You may wonder how we remain profitable as we offer these "perks" to patients. We probably do pay a price in terms of profitability, but it's not a high price. I'd estimate the increase in overhead at one percent or less. This small cost actually buys us many benefits, the greatest one being an exponential increase in patient satisfaction. Over the years, I've read 25,000 patient satisfaction surveys that sing the same song. Patients write in the margin and on the back, going on and on about how happy they are with our rooms and service.

There are several benefits from this kind of patient satisfaction:

  • higher caseloads, as patients push physicians in our direction
  • improved employee retention, because it's more rewarding to work where patients are happy
  • and greater leverage with payors, because we are recognized as "the best" in our area.

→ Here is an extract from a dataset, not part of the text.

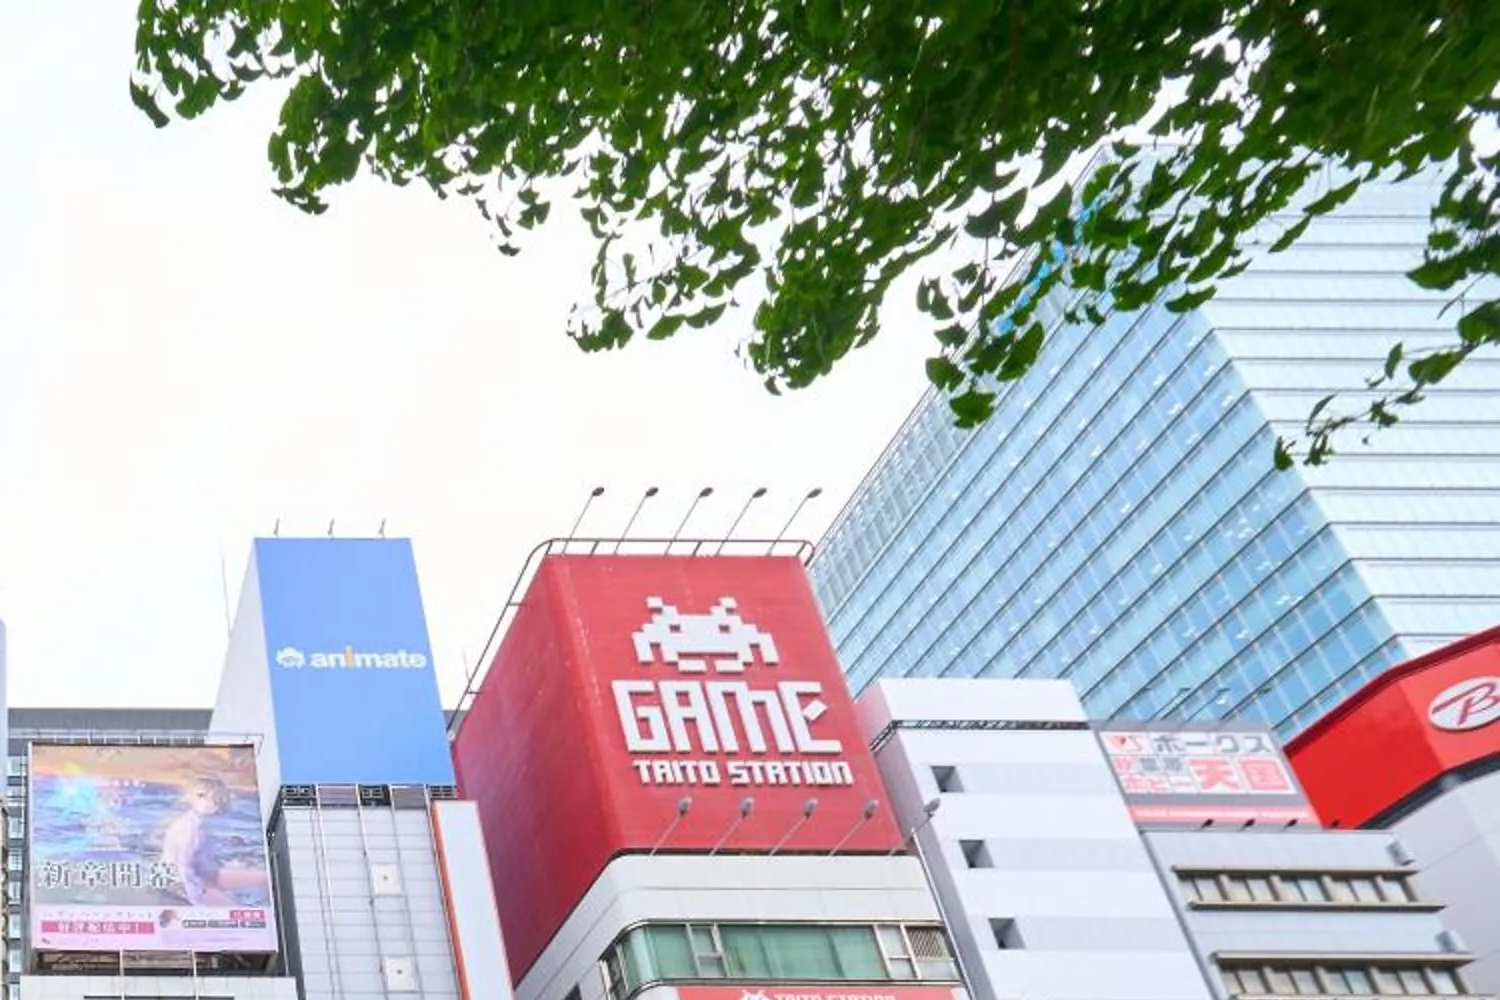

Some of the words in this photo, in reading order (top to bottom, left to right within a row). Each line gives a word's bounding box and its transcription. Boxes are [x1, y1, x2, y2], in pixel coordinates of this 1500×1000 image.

[311, 645, 427, 669] animate
[610, 680, 844, 752] GAME
[632, 760, 721, 784] TAITO
[727, 761, 854, 785] STATION

In the end, it all pays off in the bottom line, even though we may have spent more on the facility up-front, and may bear a slight increase in overhead.

The test of time
Fresno Surgery Center's partnership (California Limited Partnership) and governance has stood the test of time. The Joint Operating Committee, elected by the MD-investors, includes investors, community business leaders, and the center administrator.

Our center has a caseload of about 4,000 outpatients and 2,000 inpatients per year. The inpatient procedures tend to come from the "big four:" orthopedics, neurosurgery, general surgery and GYN, with orthopedics, general and GYN, representing 85 to 90 percent of outpatient cases. In our area, there are independent, physician-owned ENT and urology ASCs, so we don't see those specialties. We don't seek plastics procedures, because we find that plastic surgeons have unrealistic expectations about our cost of providing services.

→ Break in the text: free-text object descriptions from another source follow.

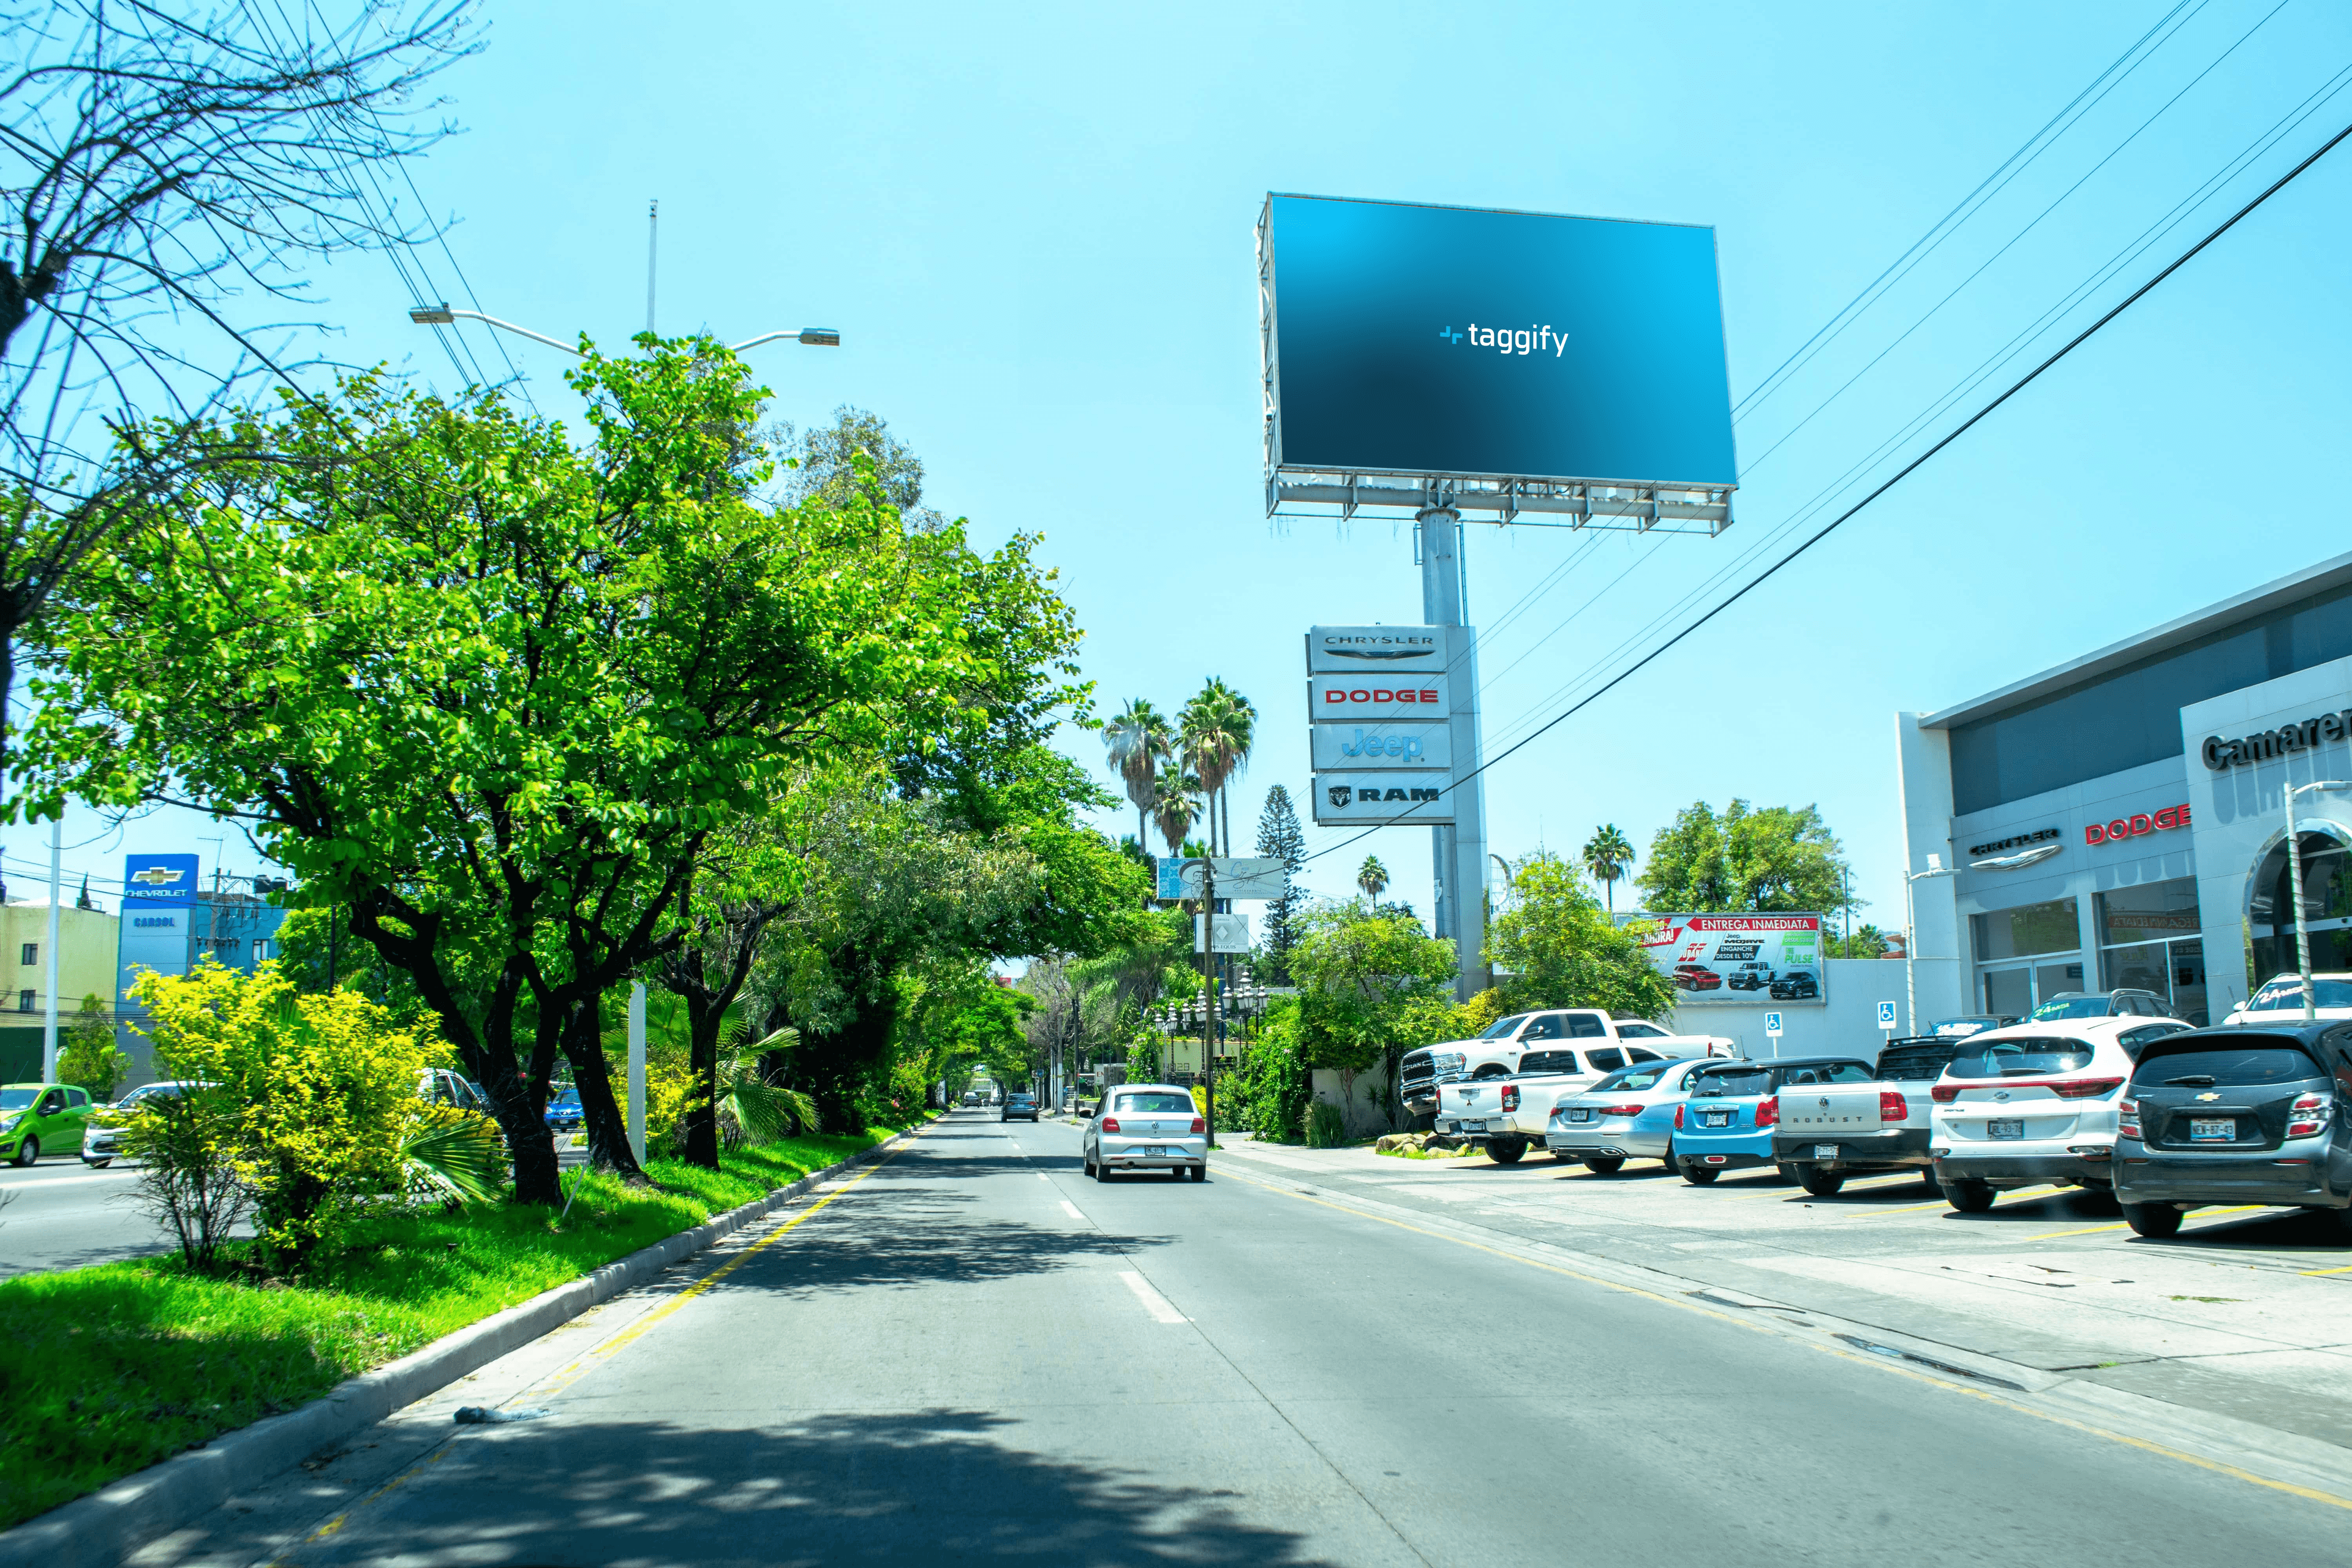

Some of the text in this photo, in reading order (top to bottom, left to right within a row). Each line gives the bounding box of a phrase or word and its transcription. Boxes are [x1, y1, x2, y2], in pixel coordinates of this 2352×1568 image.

[1468, 323, 1569, 357] taggify
[1325, 636, 1433, 645] CHRYSLER
[1325, 690, 1439, 703] DODGE
[1342, 729, 1423, 762] Jeep
[1358, 788, 1439, 802] RAM
[2085, 804, 2192, 845] DODGE
[1969, 828, 2060, 855] CHRYSLER
[1702, 919, 1810, 929] ENTREGA INMEDIATA
[1784, 954, 1814, 963] PULSE

Fresno Surgery Center continues to be profitable, although not as profitable as our best year, 1995. Like all other California healthcare providers, managed care has lowered our profits in recent years.

The original dedication to customer service has served Fresno Surgery Center well for nearly 15 years. Back then, we believed that patients responded to ambulatory surgery centers because ASCs gave them what they wanted: Quality care in a convenient setting. We wanted to extend that service to an inpatient setting that offered patients the kinds of comforts they truly wanted from hospitals, but just couldn't get.